**WHAT NEEDS TO BE DONE**
Please give the records below again in full, exactly, with the images left out.

**LISTED ENTRIES**

Segment Open

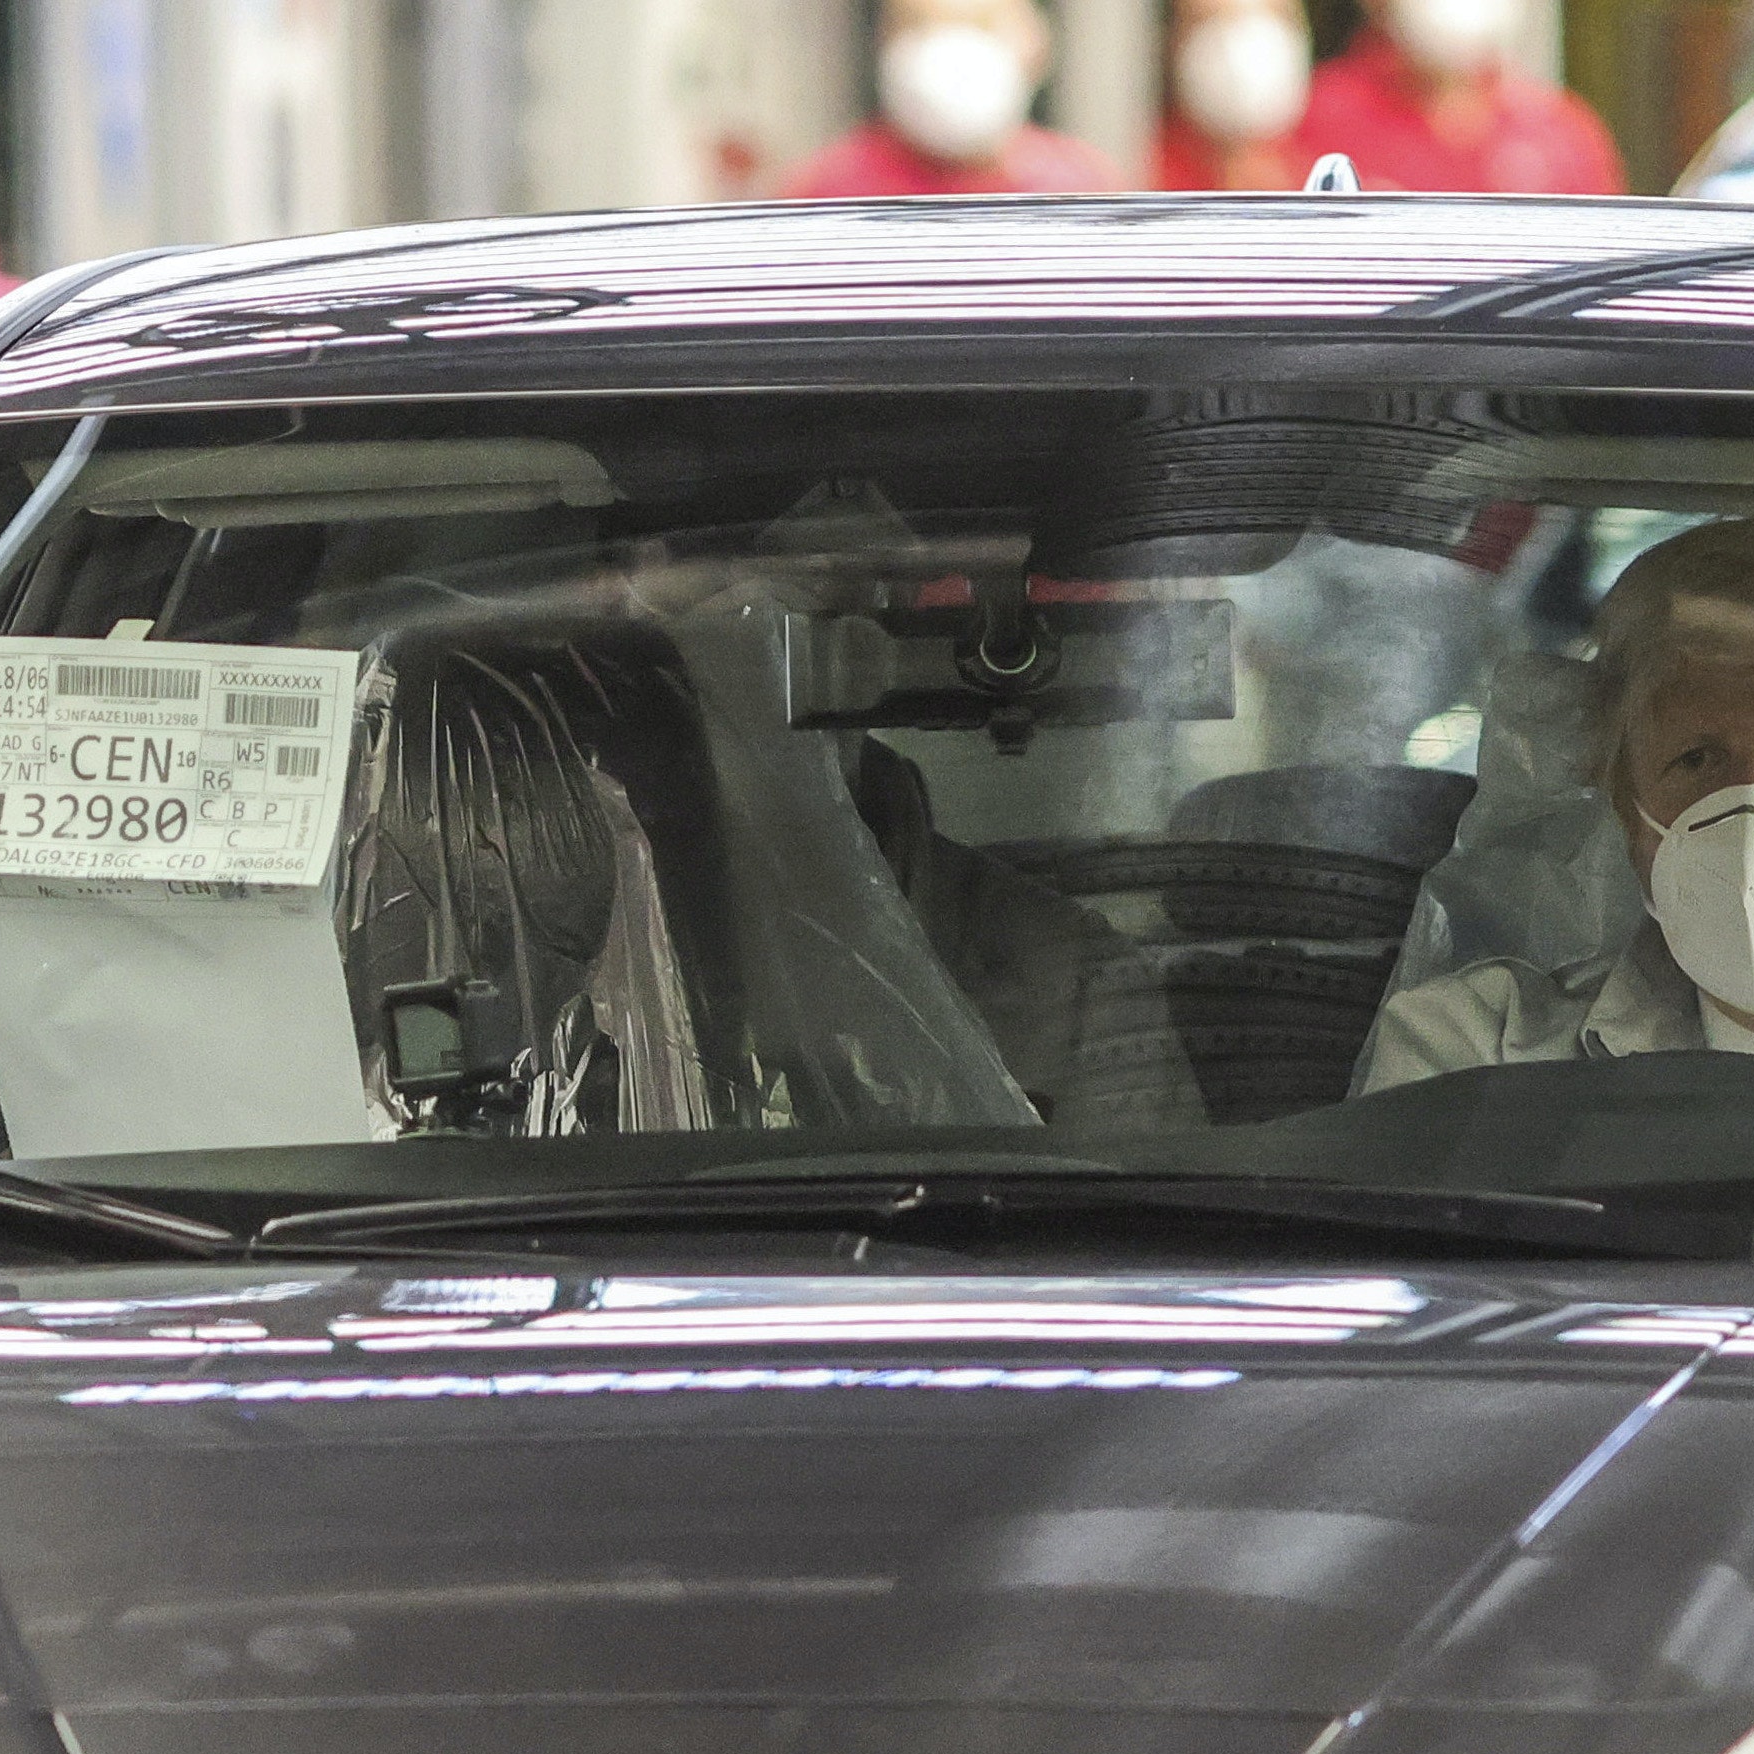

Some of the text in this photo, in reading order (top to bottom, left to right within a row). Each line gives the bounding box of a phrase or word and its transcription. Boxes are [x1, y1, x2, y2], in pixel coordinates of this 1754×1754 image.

[70, 734, 174, 784] CEN
[176, 750, 197, 769] 10
[236, 741, 266, 763] W5
[17, 761, 46, 782] NT
[202, 769, 232, 792] R6
[200, 799, 278, 821] C B P
[227, 829, 242, 848] C

Segment Closed

**EXERCISE OUTPUT**
Some of the text in this photo, in reading order (top to bottom, left to right within a row). Each line gives the bounding box of a phrase or word and its transcription. Boxes are [x1, y1, x2, y2], in pixel coordinates of this 1754×1754 image.

[70, 734, 174, 784] CEN
[176, 750, 197, 769] 10
[236, 741, 266, 763] W5
[17, 761, 46, 782] NT
[202, 769, 232, 792] R6
[200, 799, 278, 821] C B P
[227, 829, 242, 848] C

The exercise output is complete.